Hi, Ankur - nice spectrum. What would be an example of "ideal" results for you -- i just want to better understand exactly what you mean by sharp. Also, if you could link to your spectrum that would be helpful.

Well There is a lot of blurring in the diffraction pattern that is formed.Also I have used the 0.12 mm collimated acetone slit. There is also a lot of overexposure of light and hence not giving an accurate spectrum. Since I am analysing Carbon Nanotubes, I need a well resloved spectrum inorder to find out absorbtion of specific wavelength. By Sharp I mean, that : A) Resolution of the pattern is better. B) No overexposure in certain regions of the spectrum C) No Blurring of the spectrum image I have attached a picture of absorbance graph of Carbon Nanotubes analysed by the Beckman Coulter DelsaMax PRO and one taken by Public lab spectrometer The picture shown below is by DelsaMax PRO The picture shown below is by Public Lab spectrometer

the graph for the one taken by PL was arrived at downloading the CSV file of the sample spectrum and tthe blank spectrum and then using Beer lamberts law, the absorbance values were achieved. This was done using the spreadsheet. The Beer Lambert's Law given by A = log(Io/I) where Io - Intensity value of the blank (Cuvette with DI water) spectrum(ie, the average value got from the CSV file) I - intensity of the sample spectrum. Here the base 10 logarithm is used. The solution concentrations have been the same as the one shown by Beckman Coulter. As you can see, there is a lot of noise that is present in the absorbance graph. Hence I would like to know what can I do in order to achieve a more accurate graph.

Hi, Ankur -

A) Resolution of the pattern is better

What is your hoped-for resolution? Can you link to your actual data on SpectralWorkbench.org so we can take a look? One way to determine what resolution you're getting is to look at a fluorescent (CFL) lightbulb spectrum. @cfastie has published a couple notes on very high resolution mods of the basic PL spectrometer design -- and his suggestions were used to dramatically improve the v3.0 spectrometer:

http://publiclab.org/notes/cfastie/1-21-2013/spectrometer-image-quality http://publiclab.org/notes/cfastie/2-19-2013/ebert

B) No overexposure in certain regions of the spectrum

You can use an attenuator, as @stoft has described: http://publiclab.org/notes/stoft/05-14-2013/in-search-of-spectrometer-attenuators - and also see his other research for gain correction and a proposal for HDR exposure correction.

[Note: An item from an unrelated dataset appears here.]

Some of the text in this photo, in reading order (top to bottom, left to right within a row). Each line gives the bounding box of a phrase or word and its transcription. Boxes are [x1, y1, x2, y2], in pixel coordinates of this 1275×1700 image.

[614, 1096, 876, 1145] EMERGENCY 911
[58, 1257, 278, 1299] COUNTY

C) No Blurring of the spectrum image

I think this is related to the first issue, but if there's a separate issue, can you elaborate?

Thanks for your input, Ankur! As with Chris Fastie's and Dave Stoft's suggestions, any improvements you can propose will be considered in upcoming revisions of the spectrometer kit design. We need all the input we can get -- that's how open source design works!